MATERIAL TO PROCESS Start Marker

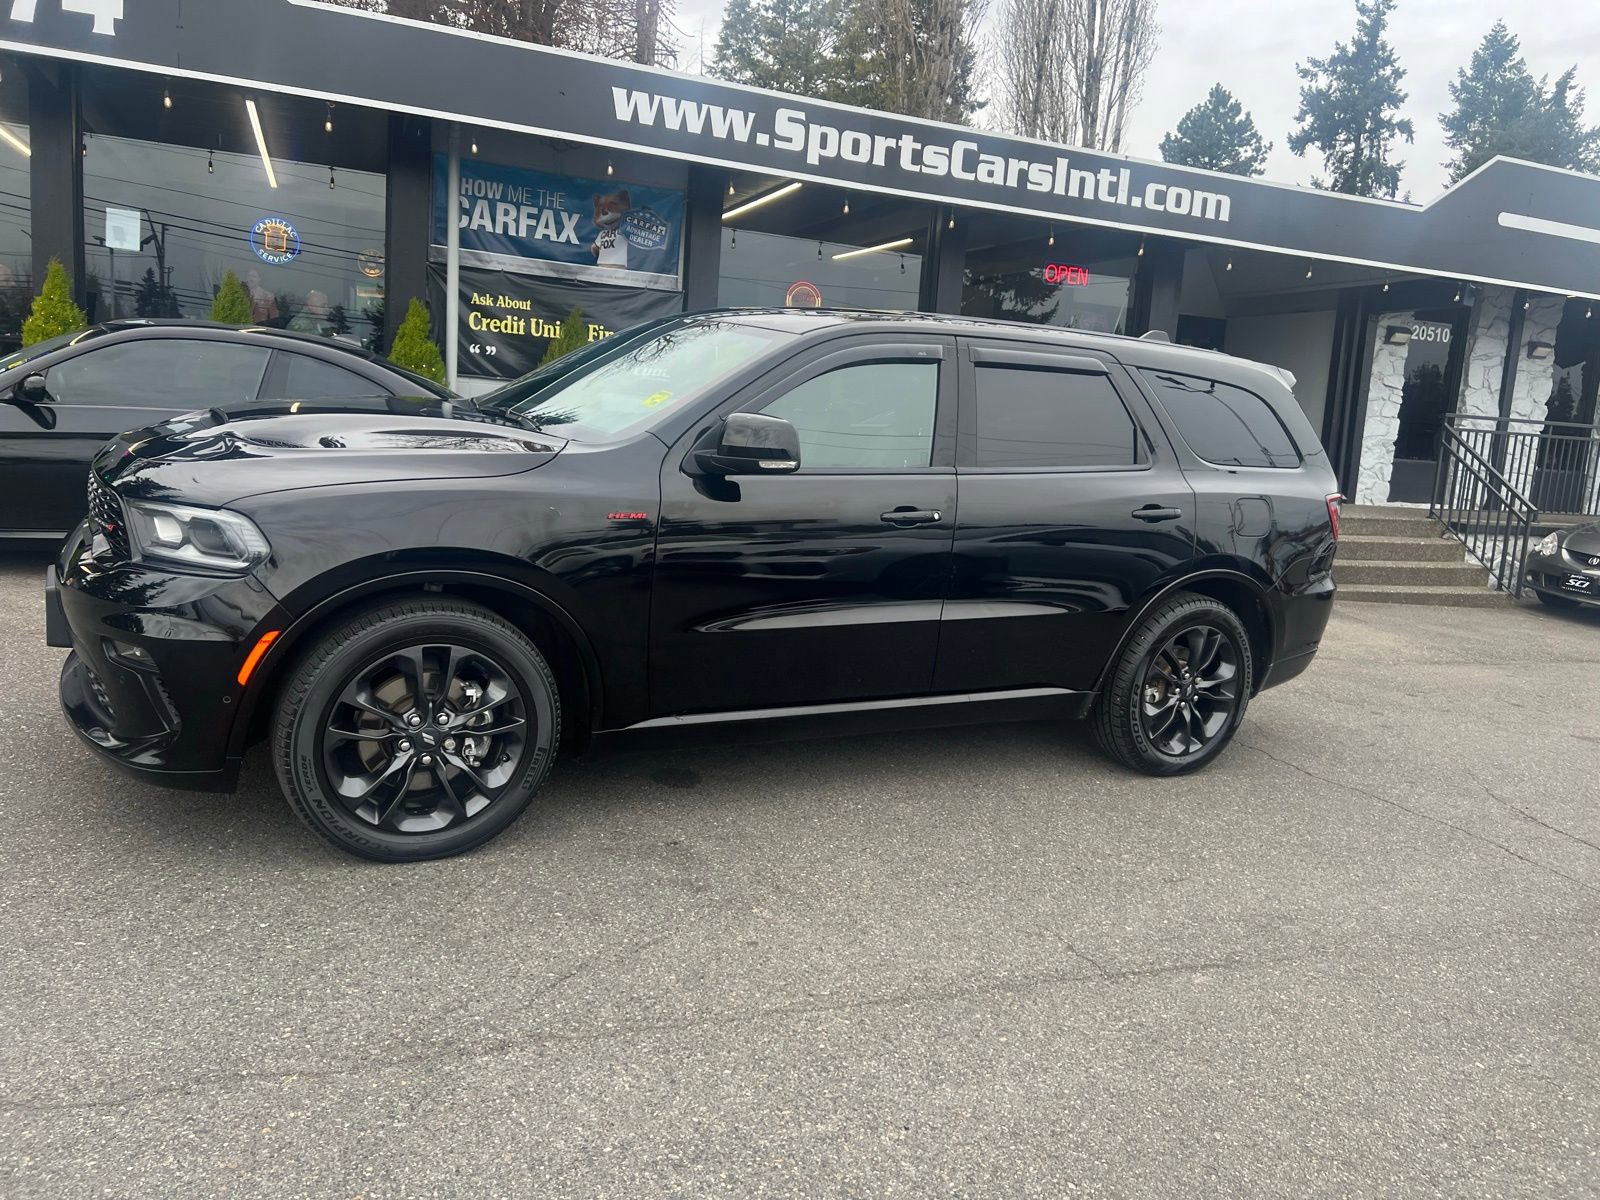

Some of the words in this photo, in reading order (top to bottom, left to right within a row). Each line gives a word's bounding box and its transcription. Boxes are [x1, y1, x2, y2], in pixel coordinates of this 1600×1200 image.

[612, 86, 1231, 222] www.SportsCarsIntl.com
[460, 178, 503, 199] HOW
[508, 184, 533, 205] ME
[536, 189, 567, 210] THE
[255, 219, 297, 238] CADILLAC
[626, 216, 667, 236] CARFAX
[626, 225, 661, 242] ADVANTAGE
[600, 239, 615, 250] FOX
[629, 234, 653, 247] DEALER
[258, 248, 293, 263] SERVICE
[1045, 264, 1089, 287] OPEN
[470, 292, 494, 307] Ask
[496, 295, 532, 311] About
[468, 311, 526, 335] Credit
[530, 317, 561, 339] Uni
[1411, 325, 1450, 343] 20510
[1131, 683, 1148, 753] COOPER
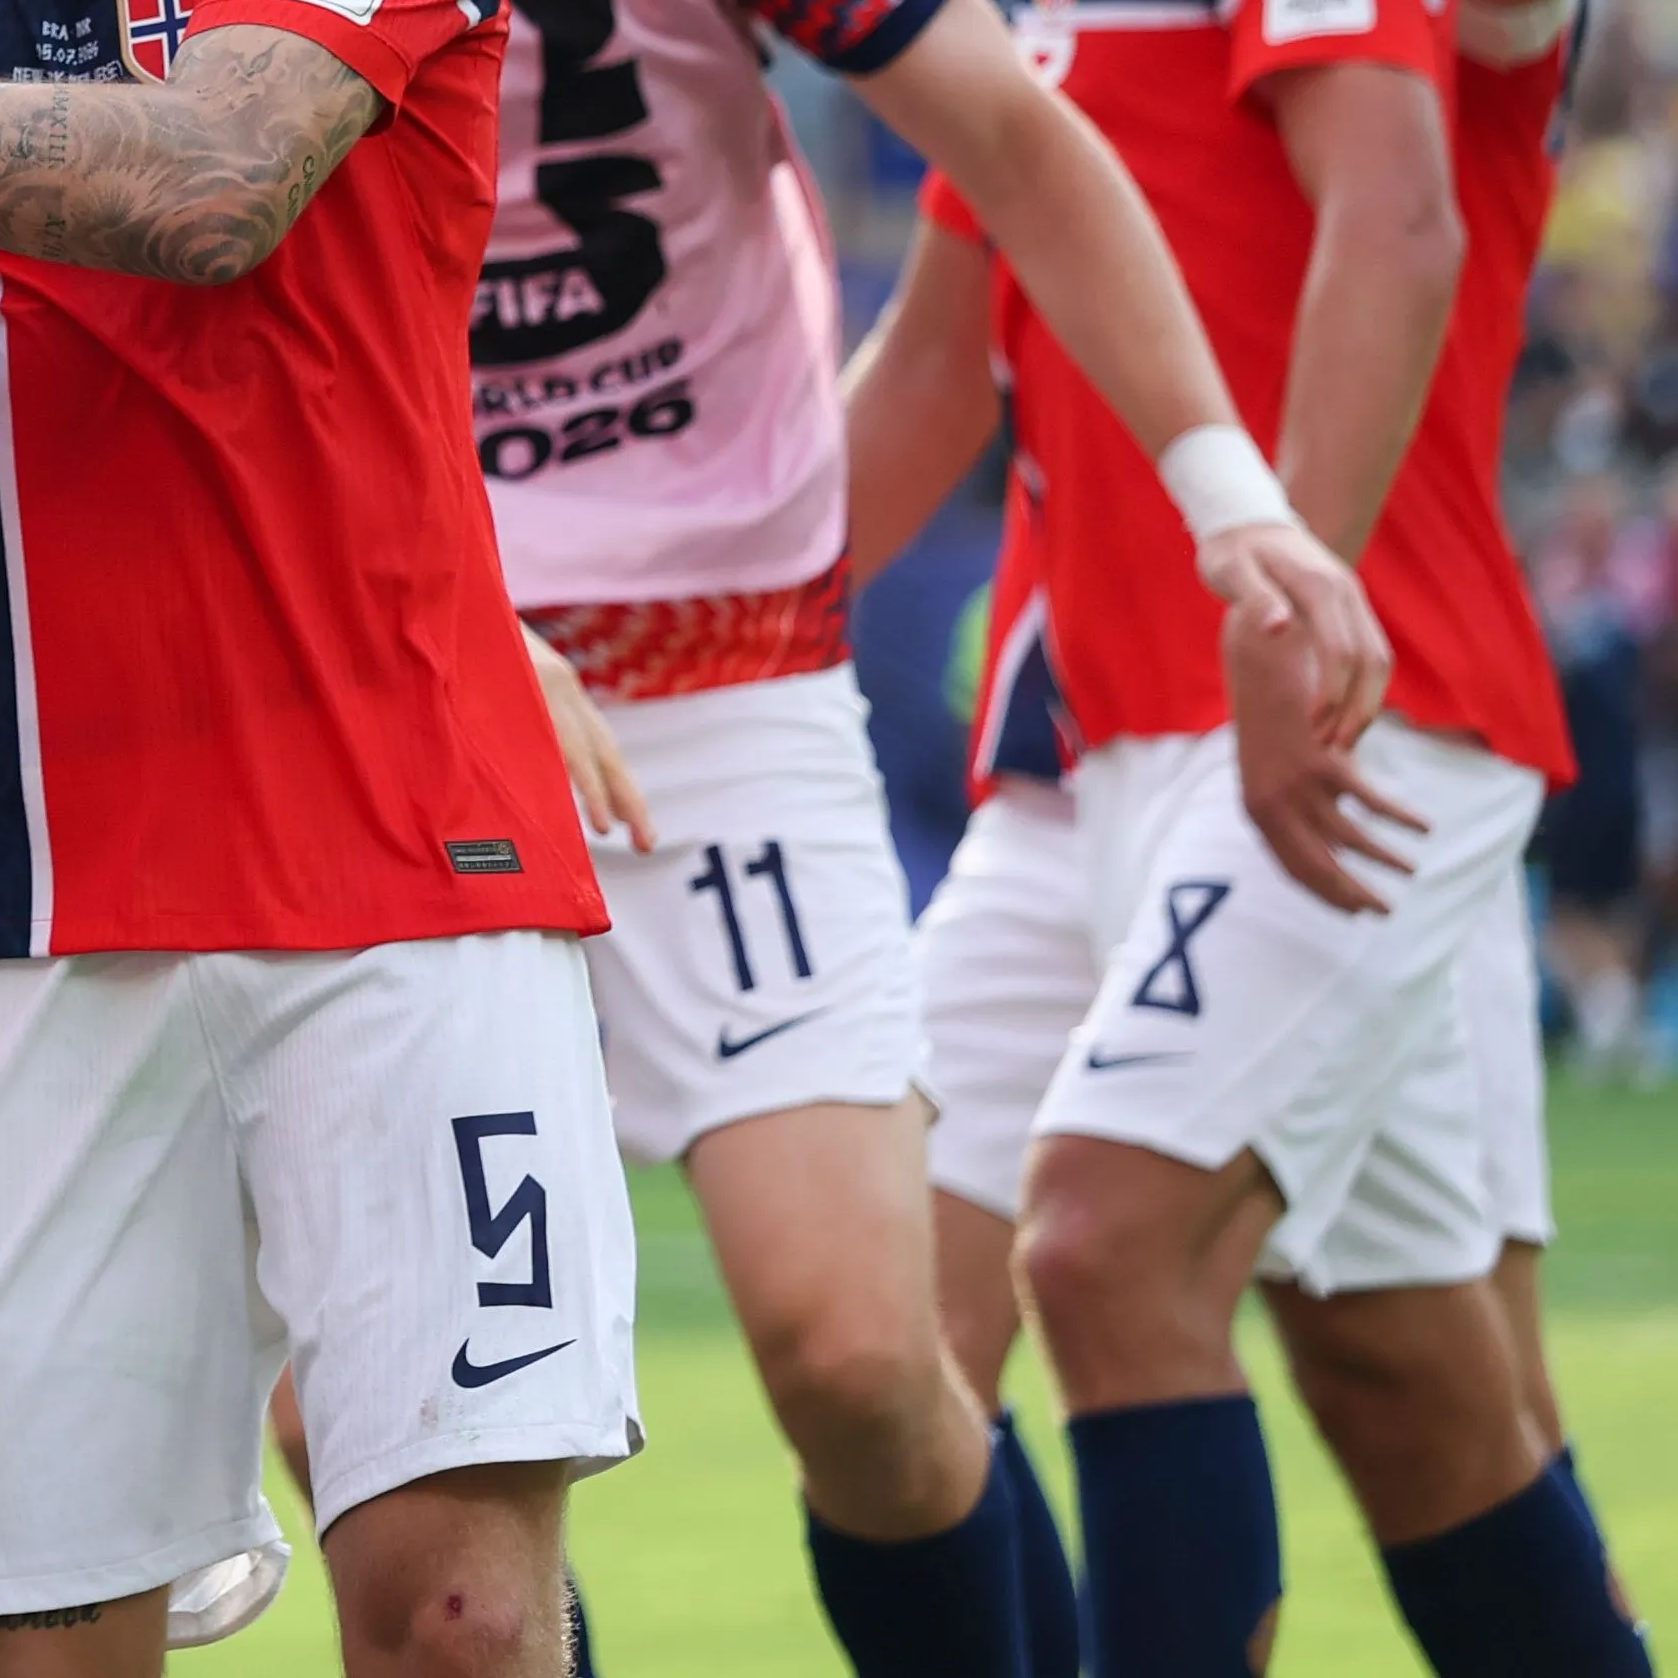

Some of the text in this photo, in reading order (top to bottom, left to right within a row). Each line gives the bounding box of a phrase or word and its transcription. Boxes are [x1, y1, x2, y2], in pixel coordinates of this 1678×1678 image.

[481, 377, 696, 482] 026
[688, 838, 815, 992] 11
[1132, 880, 1235, 1017] 8
[452, 1111, 554, 1310] 5
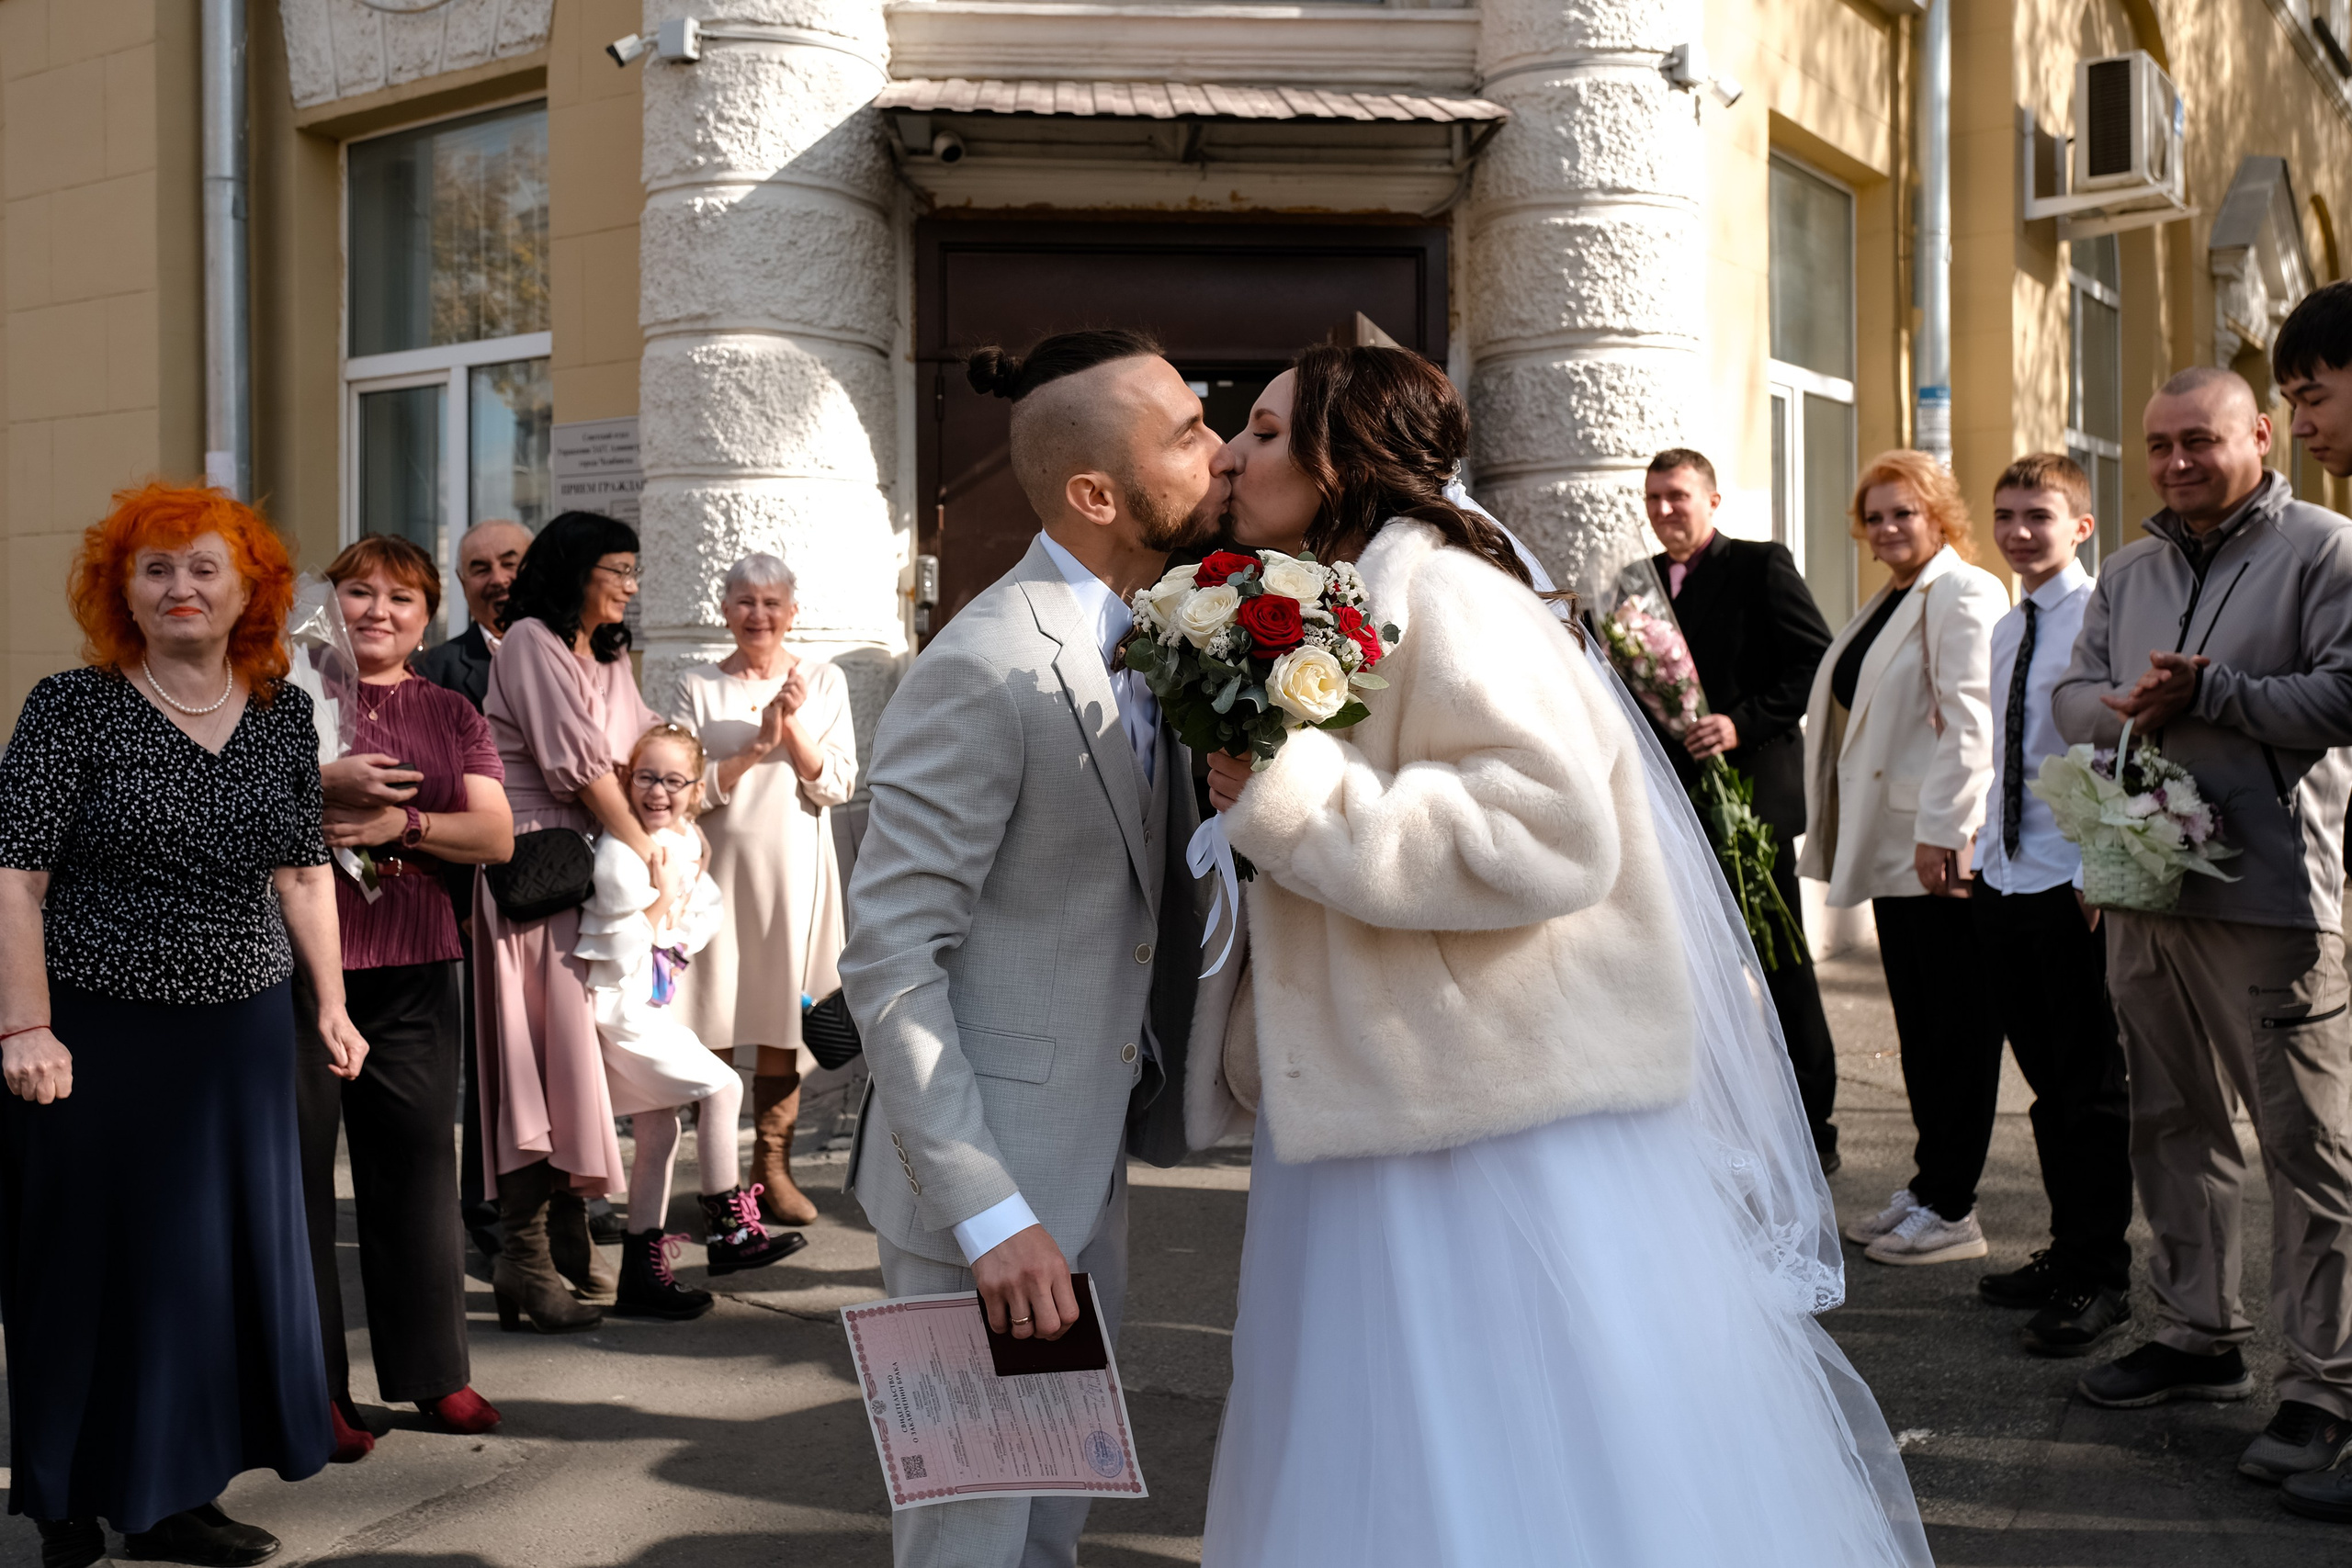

MATERIAL TO PROCESS End Marker

WHAT TO WORK ON
In the copy, each entry above must match exactly, and no picture may be carried over.

RESPONSE
Some of the words in this photo, in reading order (top to bottom, left to right within a row). Each line gives a word's bounding box and its transcription. Boxes are [x1, y1, x2, y2], in pixel coordinates of this 1600×1200 image.

[612, 86, 1231, 222] www.SportsCarsIntl.com
[460, 178, 503, 199] HOW
[508, 184, 533, 205] ME
[536, 189, 567, 210] THE
[255, 219, 297, 238] CADILLAC
[626, 216, 667, 236] CARFAX
[626, 225, 661, 242] ADVANTAGE
[600, 239, 615, 250] FOX
[629, 234, 653, 247] DEALER
[258, 248, 293, 263] SERVICE
[1045, 264, 1089, 287] OPEN
[470, 292, 494, 307] Ask
[496, 295, 532, 311] About
[468, 311, 526, 335] Credit
[530, 317, 561, 339] Uni
[1411, 325, 1450, 343] 20510
[1131, 683, 1148, 753] COOPER

Some of the text in this photo, in reading order (top to bottom, left to right within a row). Each line gives the bounding box of a phrase or word and its transcription. Boxes are [x1, y1, x2, y2], in pixel coordinates of this 1678×1678 image.

[481, 377, 696, 482] 026
[688, 838, 815, 992] 11
[1132, 880, 1235, 1017] 8
[452, 1111, 554, 1310] 5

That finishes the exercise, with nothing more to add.